> Supplied entries:

"""

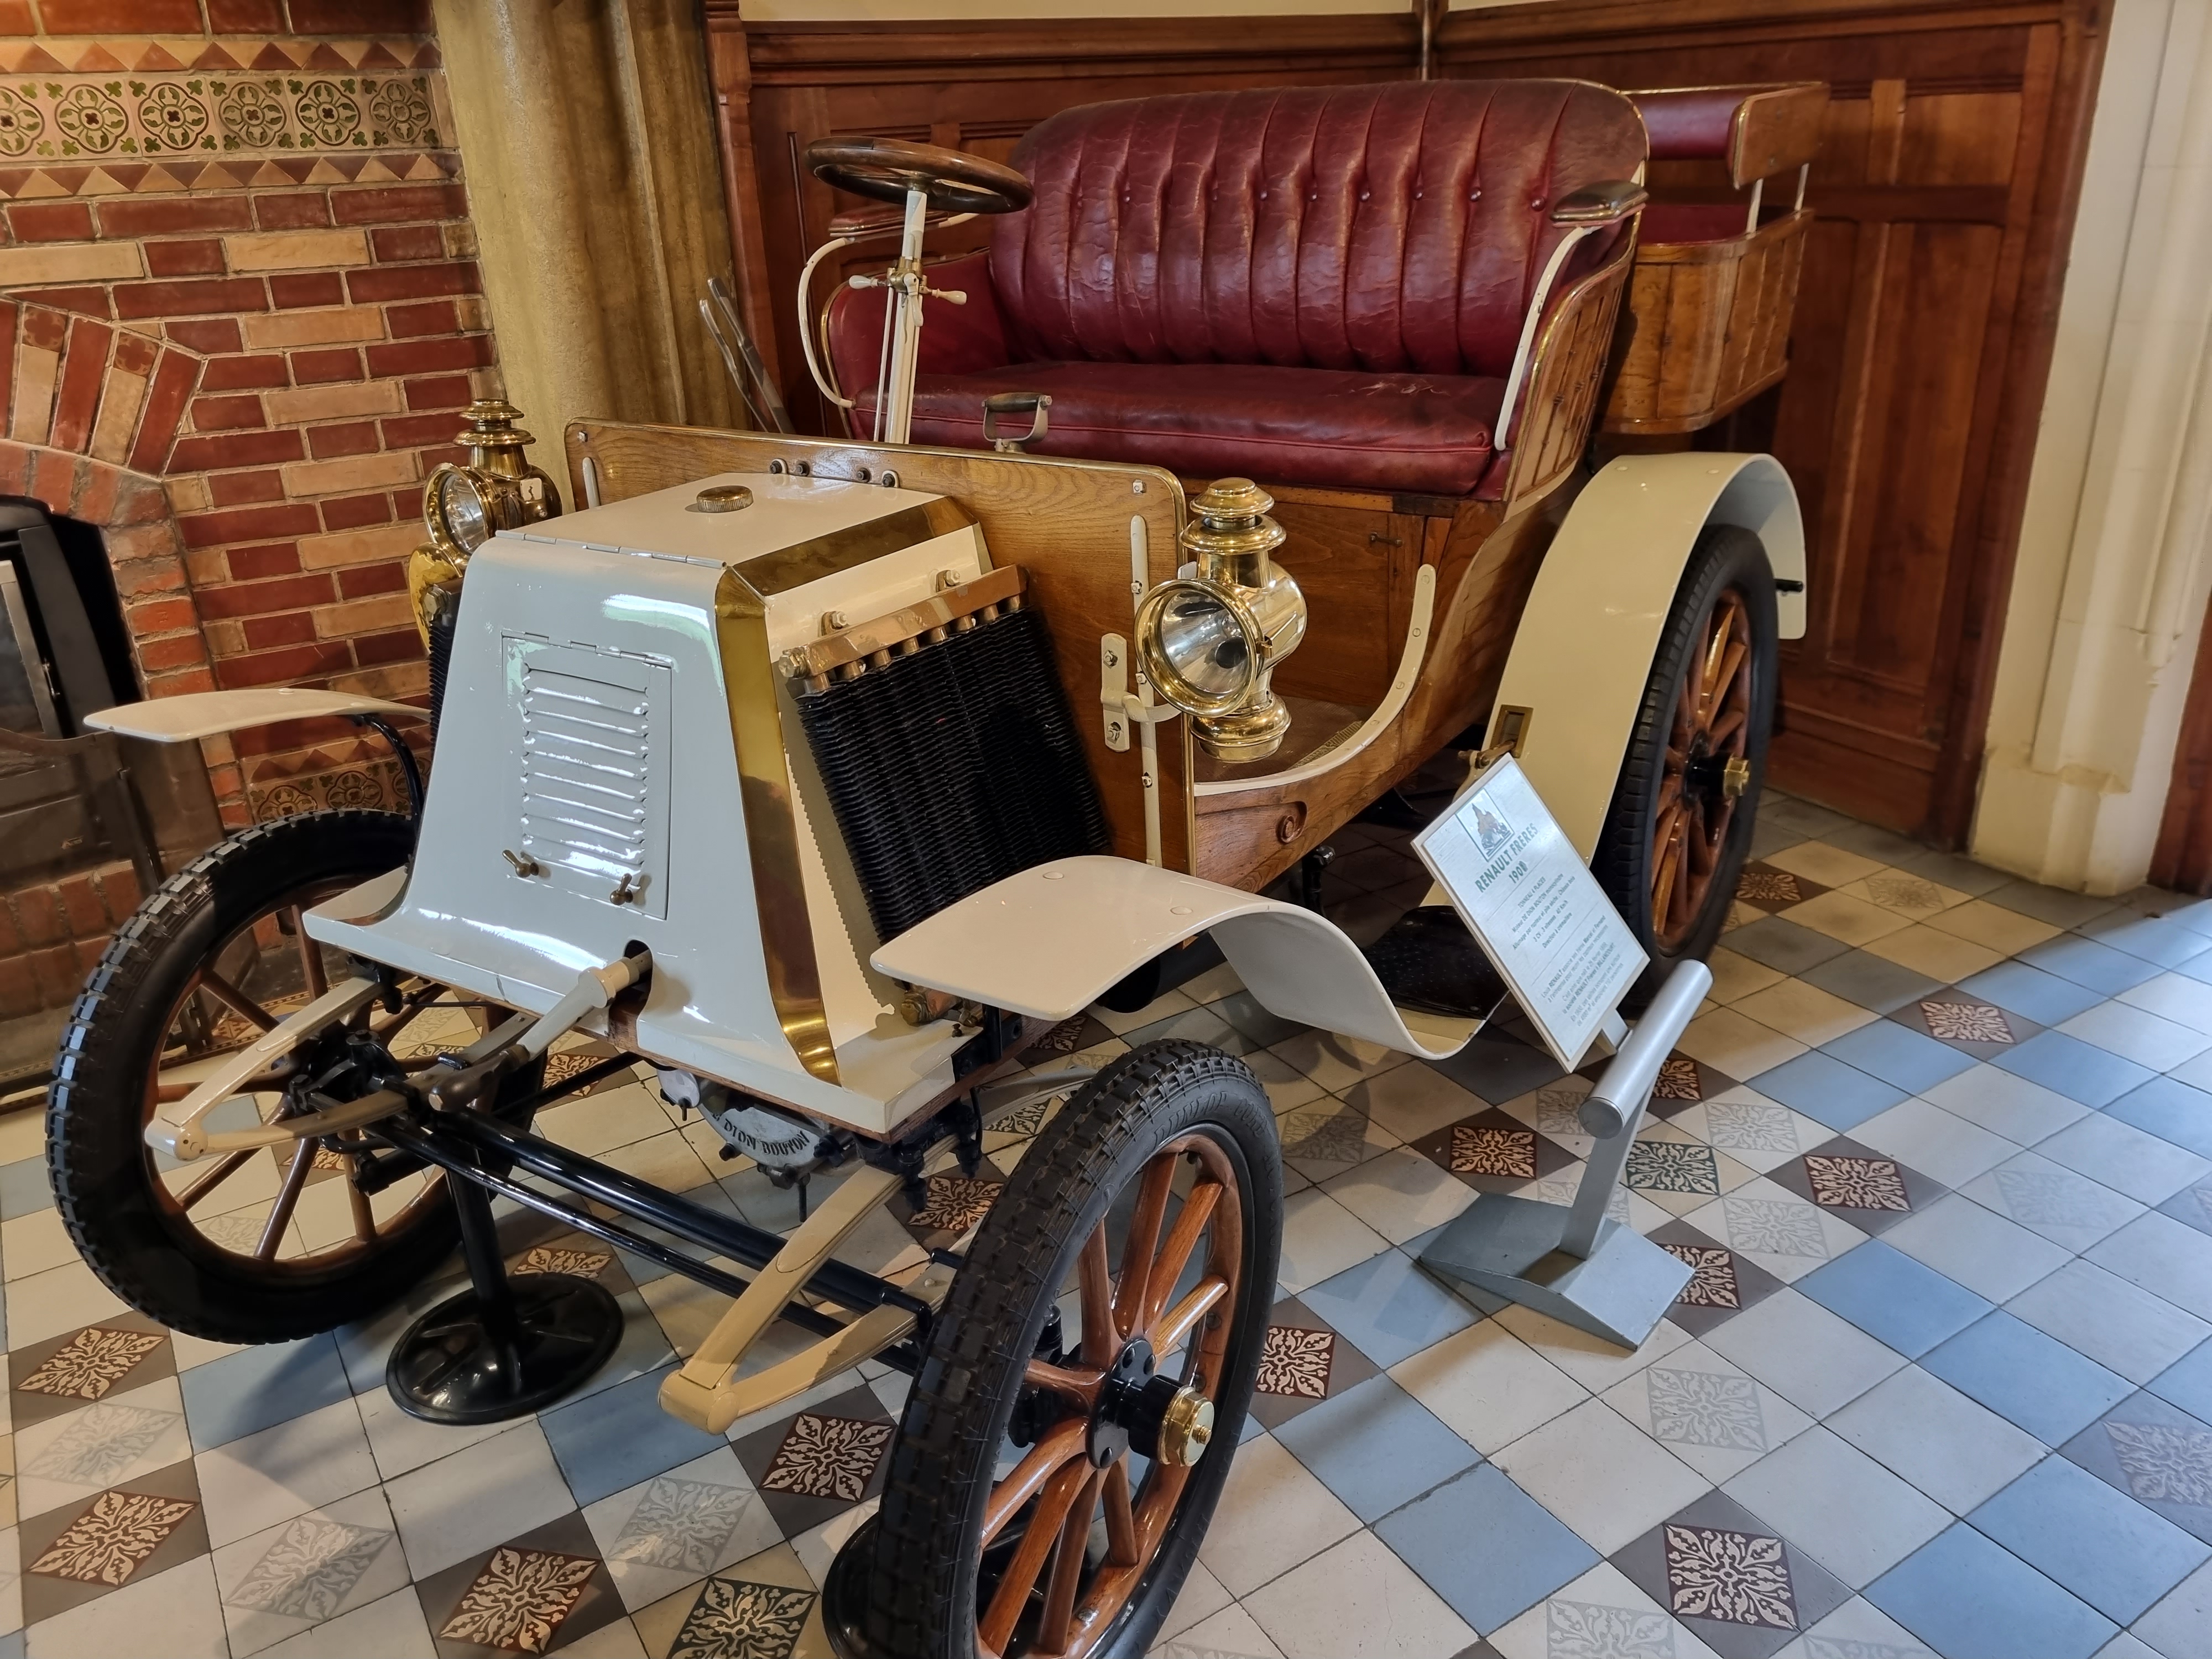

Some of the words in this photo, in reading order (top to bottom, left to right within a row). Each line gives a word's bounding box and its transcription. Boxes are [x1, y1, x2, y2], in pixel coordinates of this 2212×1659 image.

[1475, 849, 1513, 893] RENAULT
[1510, 823, 1538, 855] FRERES
[1518, 891, 1532, 909] TONNEAU
[1534, 877, 1545, 891] PLACES
[1512, 920, 1523, 932] Moteur
[1534, 892, 1546, 907] BOUTON
[1513, 932, 1527, 950] Allumage
[1543, 932, 1556, 948] Direction
[1549, 969, 1563, 988] RENAULT
[724, 1118, 757, 1150] DION
[760, 1130, 810, 1156] BOUTON

"""

> Task brief: The expected response is every entry above, repeated exactly, pictures removed.

> The completed task:
Some of the words in this photo, in reading order (top to bottom, left to right within a row). Each line gives a word's bounding box and its transcription. Boxes are [x1, y1, x2, y2], in pixel coordinates of this 2212×1659 image.

[1475, 849, 1513, 893] RENAULT
[1510, 823, 1538, 855] FRERES
[1518, 891, 1532, 909] TONNEAU
[1534, 877, 1545, 891] PLACES
[1512, 920, 1523, 932] Moteur
[1534, 892, 1546, 907] BOUTON
[1513, 932, 1527, 950] Allumage
[1543, 932, 1556, 948] Direction
[1549, 969, 1563, 988] RENAULT
[724, 1118, 757, 1150] DION
[760, 1130, 810, 1156] BOUTON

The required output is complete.